(Records shown begins)

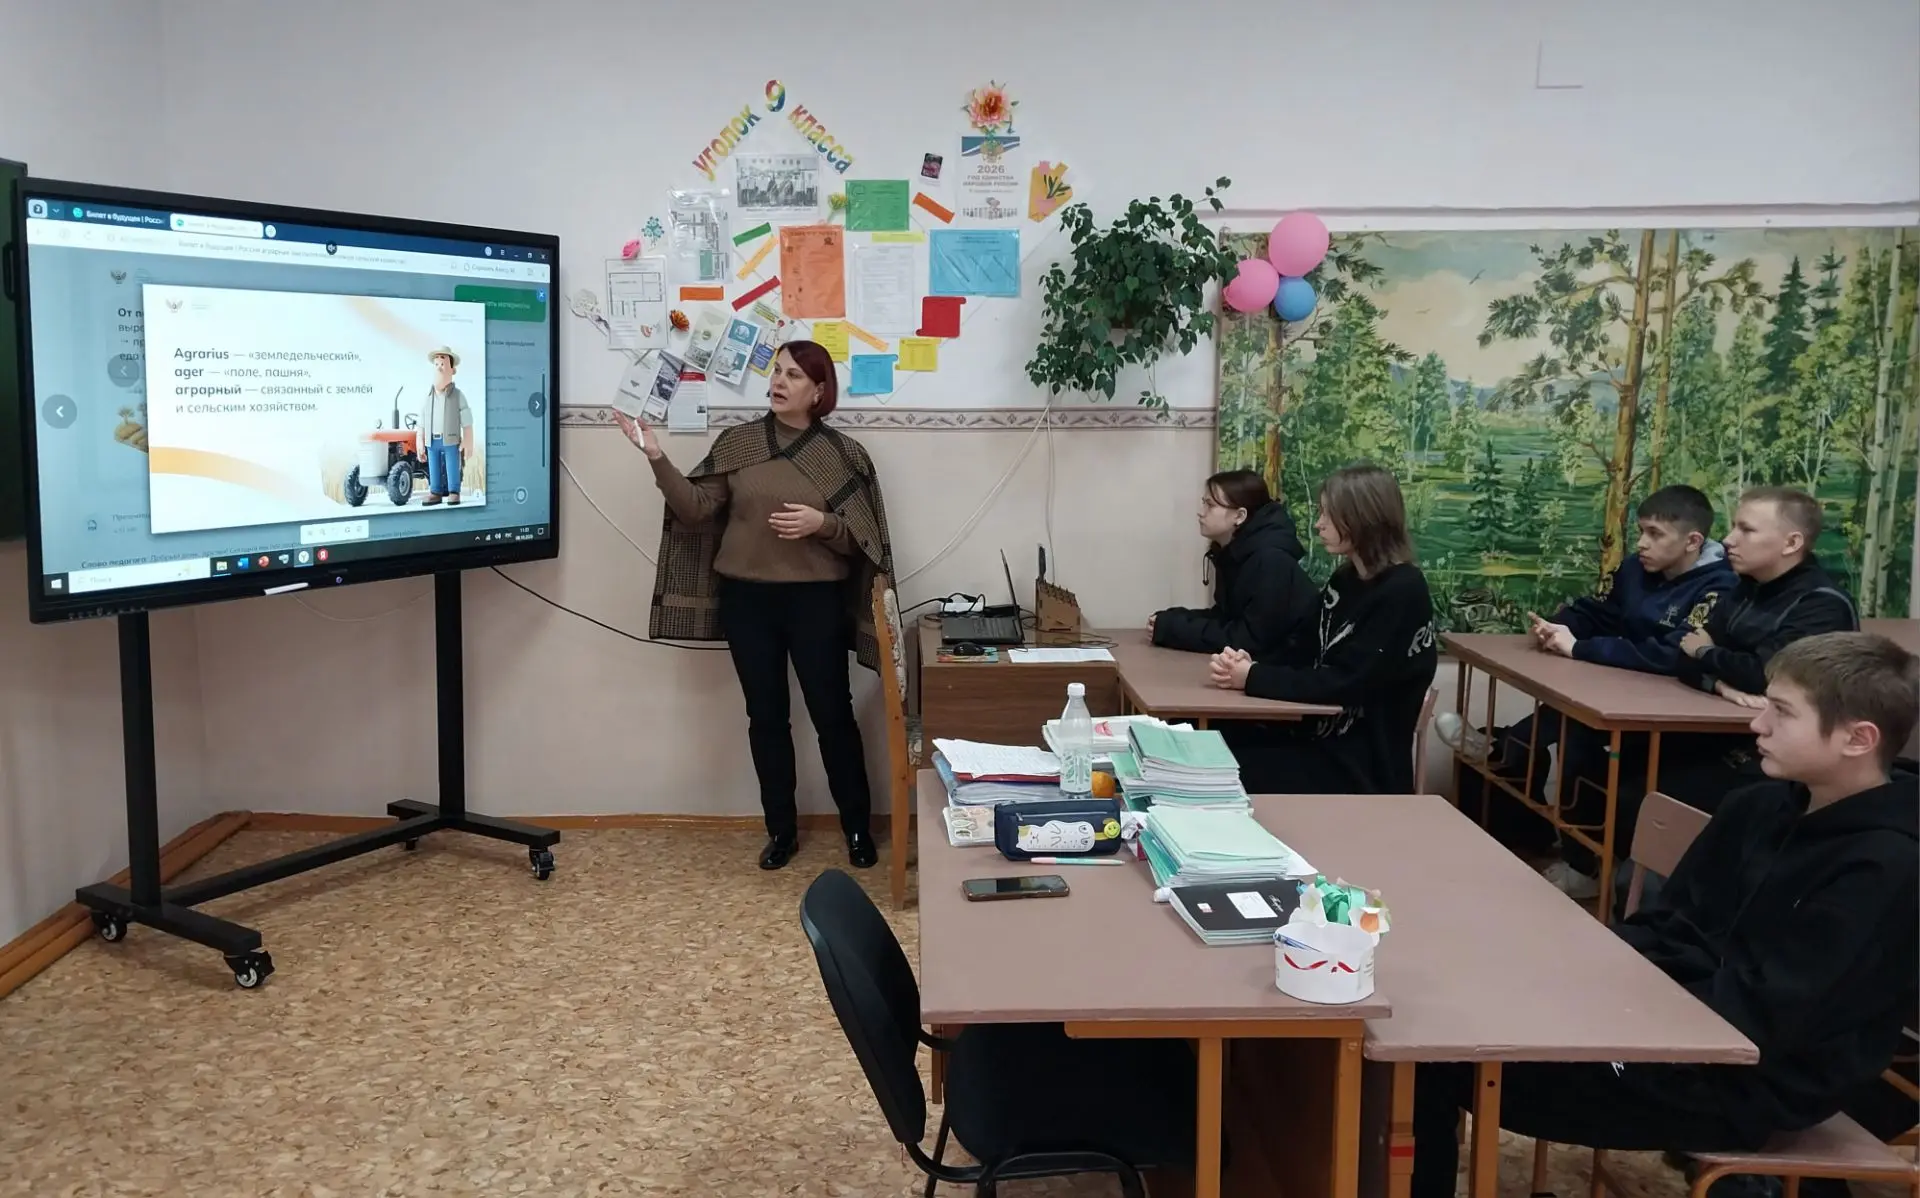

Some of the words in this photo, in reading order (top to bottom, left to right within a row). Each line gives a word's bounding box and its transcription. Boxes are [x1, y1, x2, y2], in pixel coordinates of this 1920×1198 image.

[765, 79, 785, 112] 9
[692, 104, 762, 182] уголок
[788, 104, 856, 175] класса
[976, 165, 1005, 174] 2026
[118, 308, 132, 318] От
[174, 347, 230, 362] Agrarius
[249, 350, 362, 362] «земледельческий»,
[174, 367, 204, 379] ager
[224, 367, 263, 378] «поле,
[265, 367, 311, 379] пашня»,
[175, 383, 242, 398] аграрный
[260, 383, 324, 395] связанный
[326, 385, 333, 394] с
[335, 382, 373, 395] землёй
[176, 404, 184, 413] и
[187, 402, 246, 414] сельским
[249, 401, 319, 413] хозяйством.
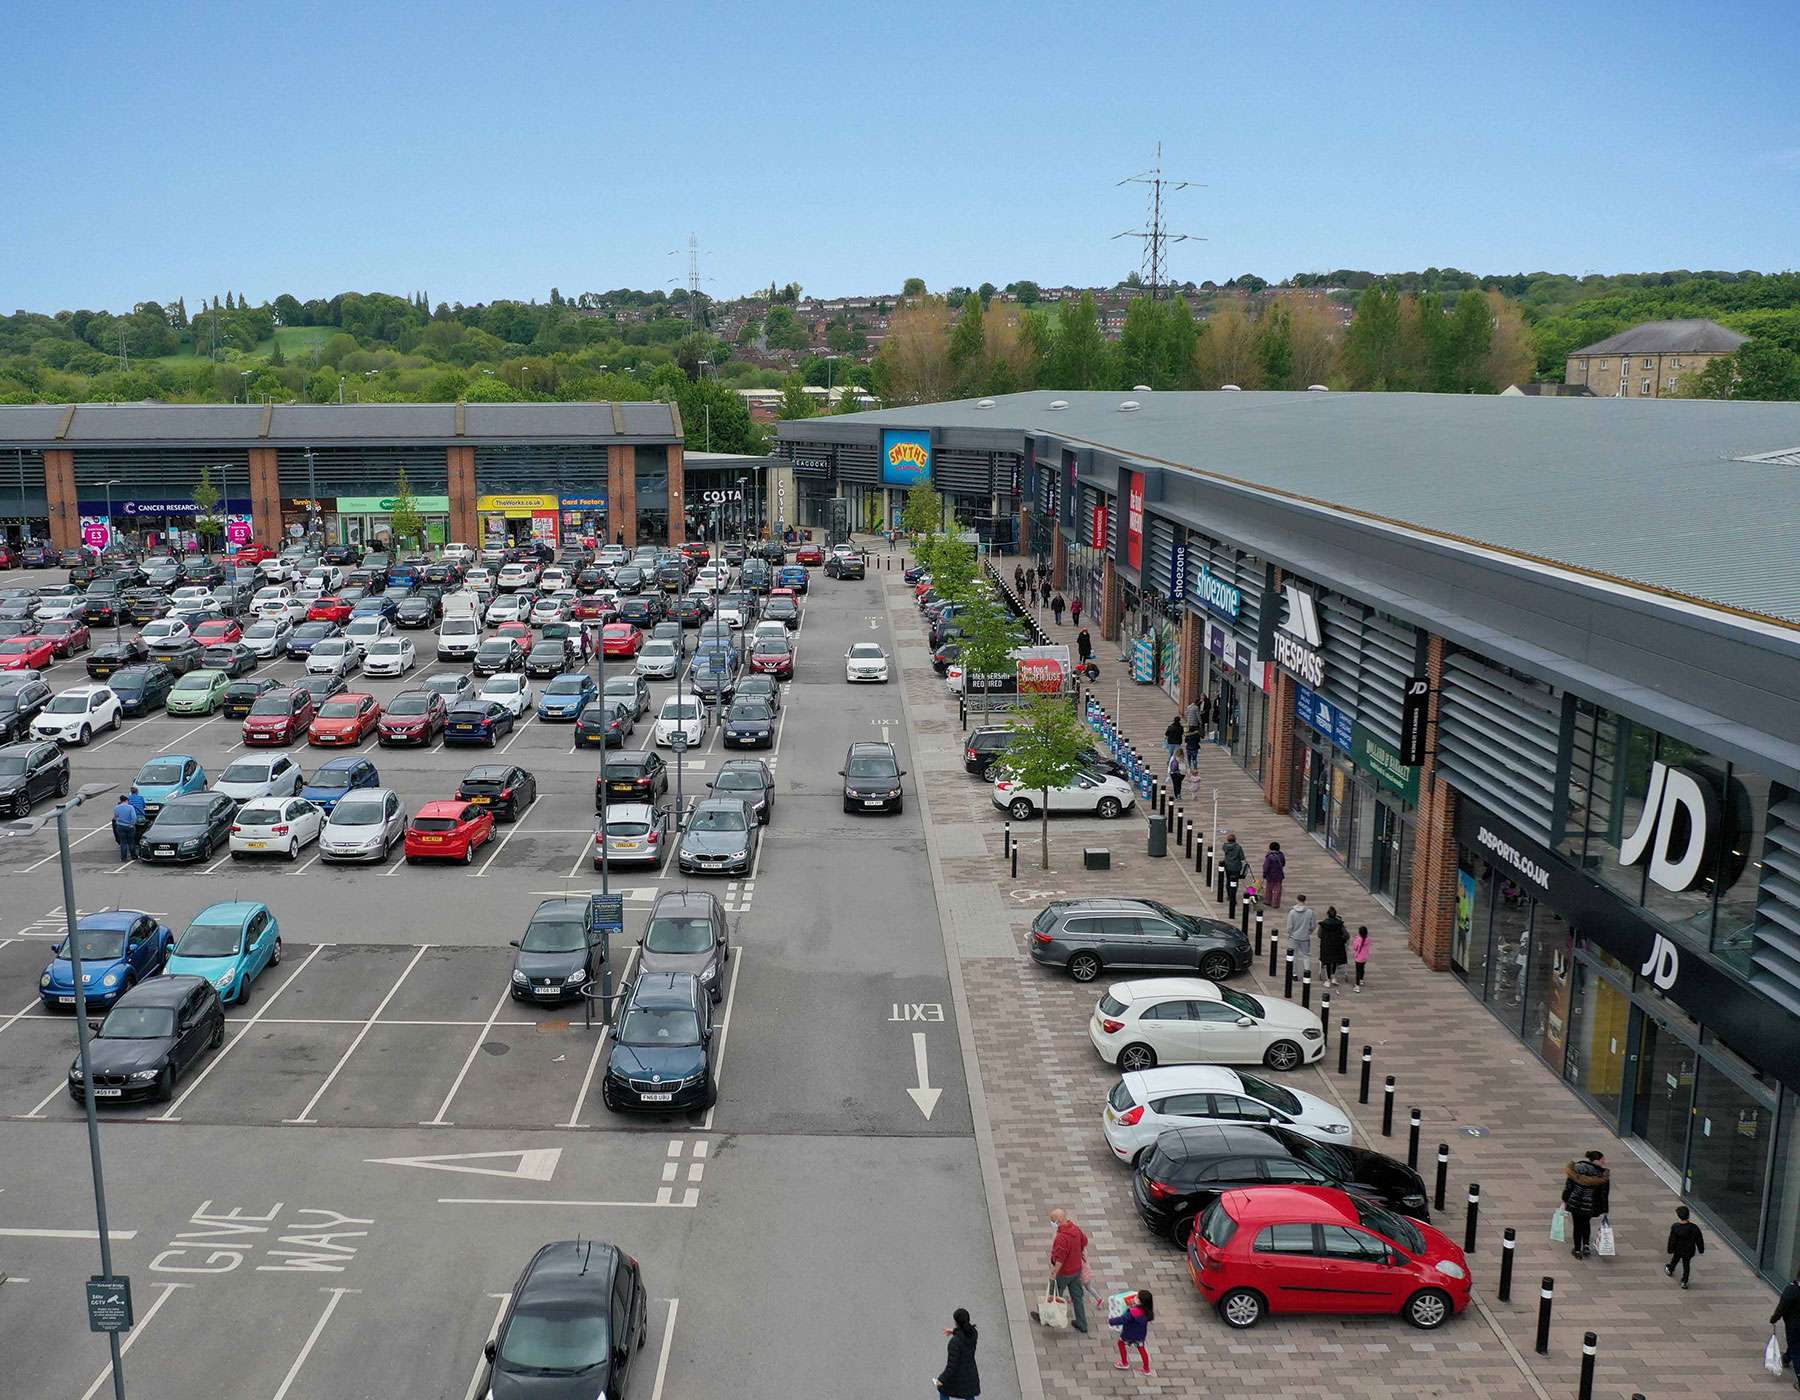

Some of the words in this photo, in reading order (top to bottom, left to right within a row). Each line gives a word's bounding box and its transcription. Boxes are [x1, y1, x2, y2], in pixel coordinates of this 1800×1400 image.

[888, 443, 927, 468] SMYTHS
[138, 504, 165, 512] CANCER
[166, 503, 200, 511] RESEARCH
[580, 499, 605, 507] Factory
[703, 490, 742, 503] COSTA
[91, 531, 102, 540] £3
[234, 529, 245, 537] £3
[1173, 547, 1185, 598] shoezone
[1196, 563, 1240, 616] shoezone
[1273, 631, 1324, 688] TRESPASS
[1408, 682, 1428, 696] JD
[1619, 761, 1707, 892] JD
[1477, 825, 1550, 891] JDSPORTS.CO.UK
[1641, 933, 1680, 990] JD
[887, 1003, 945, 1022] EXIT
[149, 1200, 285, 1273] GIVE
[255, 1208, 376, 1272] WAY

(Records shown ends)

### Task details
Only one thing belongs in the reply: the exact lines of the listing above, from the one with "this 1800×1400 image." through its last line.

### Answer area
Some of the words in this photo, in reading order (top to bottom, left to right within a row). Each line gives a word's bounding box and its transcription. Boxes are [x1, y1, x2, y2], in pixel coordinates of this 1800×1400 image.

[888, 443, 927, 468] SMYTHS
[138, 504, 165, 512] CANCER
[166, 503, 200, 511] RESEARCH
[580, 499, 605, 507] Factory
[703, 490, 742, 503] COSTA
[91, 531, 102, 540] £3
[234, 529, 245, 537] £3
[1173, 547, 1185, 598] shoezone
[1196, 563, 1240, 616] shoezone
[1273, 631, 1324, 688] TRESPASS
[1408, 682, 1428, 696] JD
[1619, 761, 1707, 892] JD
[1477, 825, 1550, 891] JDSPORTS.CO.UK
[1641, 933, 1680, 990] JD
[887, 1003, 945, 1022] EXIT
[149, 1200, 285, 1273] GIVE
[255, 1208, 376, 1272] WAY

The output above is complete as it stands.